■ **Description of the task**:
Each entry must come back word for word; drop the images as you go.

- Opening Delimiter -

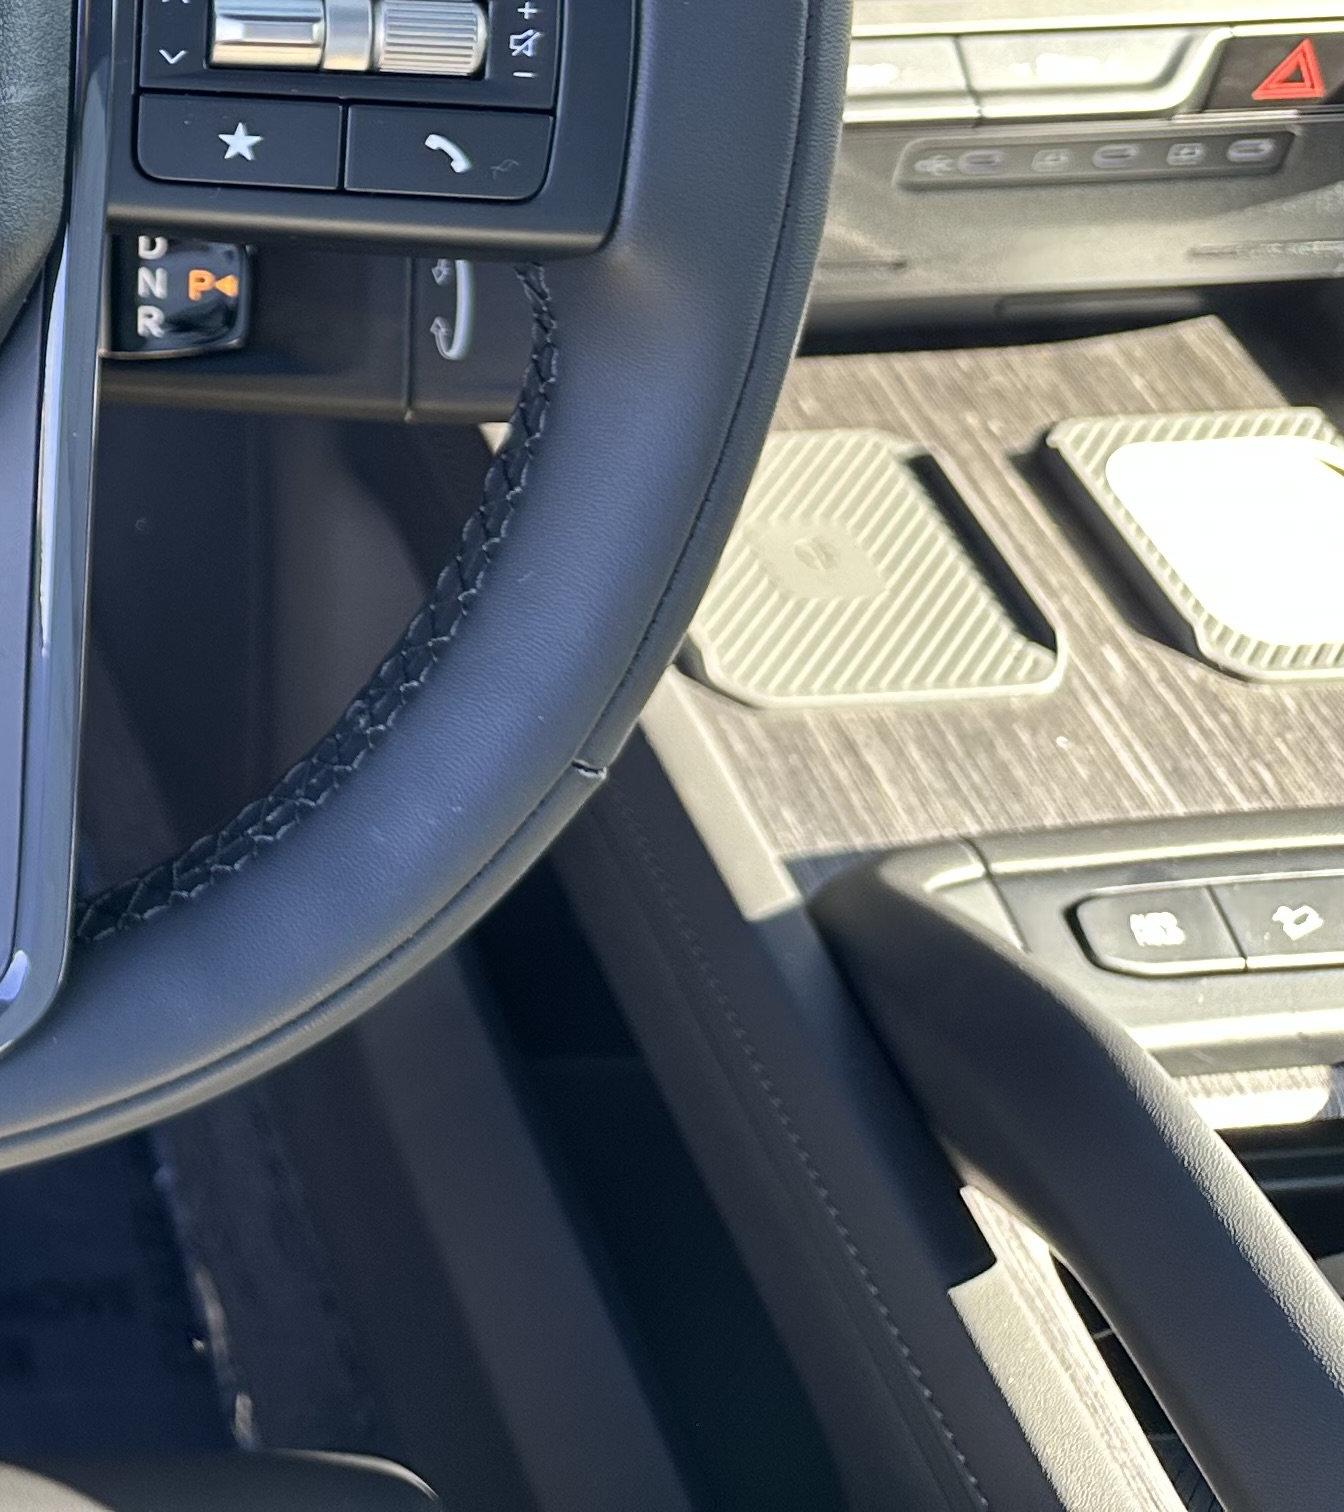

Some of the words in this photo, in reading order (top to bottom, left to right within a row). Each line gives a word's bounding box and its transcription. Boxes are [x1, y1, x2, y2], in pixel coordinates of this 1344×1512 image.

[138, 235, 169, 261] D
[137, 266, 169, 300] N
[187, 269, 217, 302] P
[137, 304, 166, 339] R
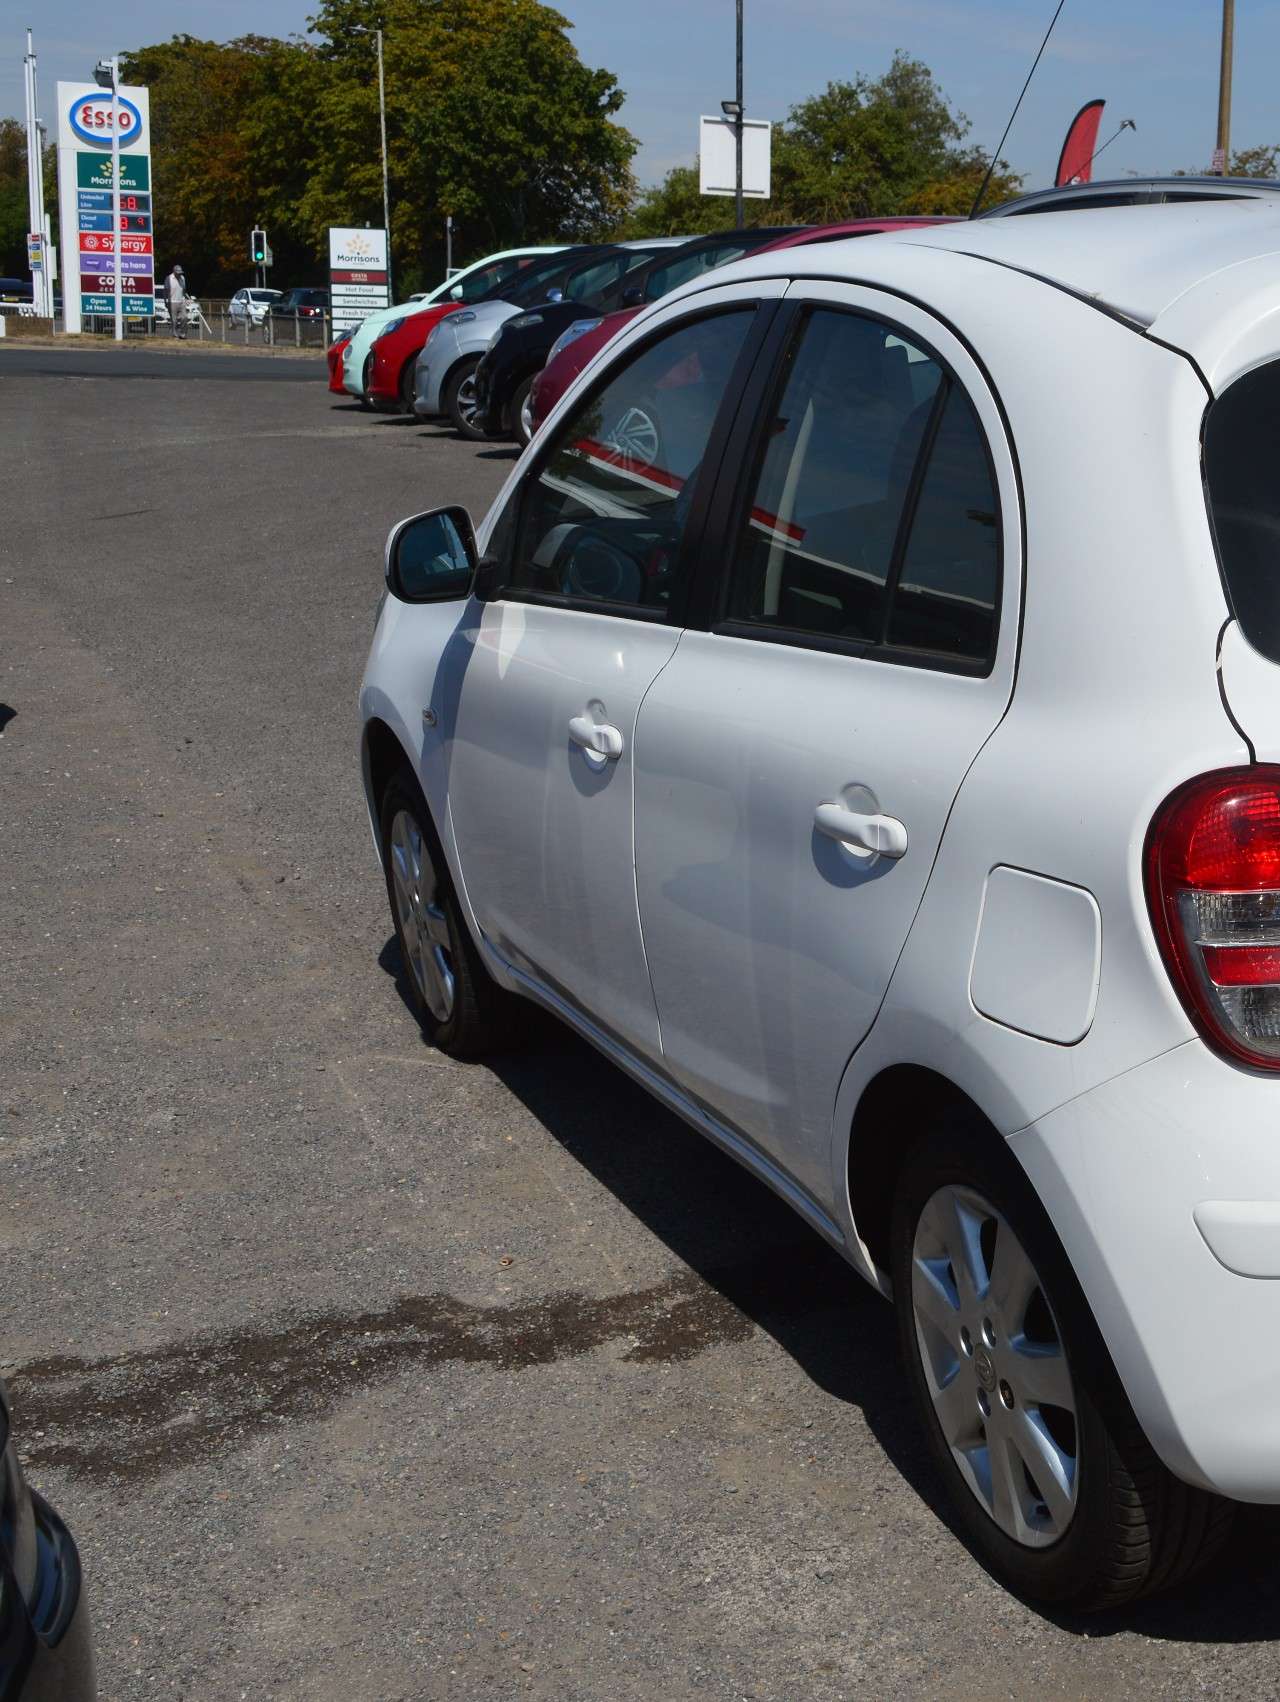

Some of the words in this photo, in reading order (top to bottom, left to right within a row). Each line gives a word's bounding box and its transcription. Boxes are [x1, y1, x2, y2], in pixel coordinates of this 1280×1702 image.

- Closing Delimiter -

■ **Response area**:
Some of the words in this photo, in reading order (top to bottom, left to right within a row). Each line gives a word's bounding box and its transcription. Boxes are [x1, y1, x2, y2], in pixel coordinates of this 1344×1512 image.

[138, 235, 169, 261] D
[137, 266, 169, 300] N
[187, 269, 217, 302] P
[137, 304, 166, 339] R

Some of the words in this photo, in reading order (top to bottom, left to right within a row). Each line gives a word's bounding box and its transcription. Boxes are [x1, y1, x2, y2], in pixel coordinates of this 1280×1702 image.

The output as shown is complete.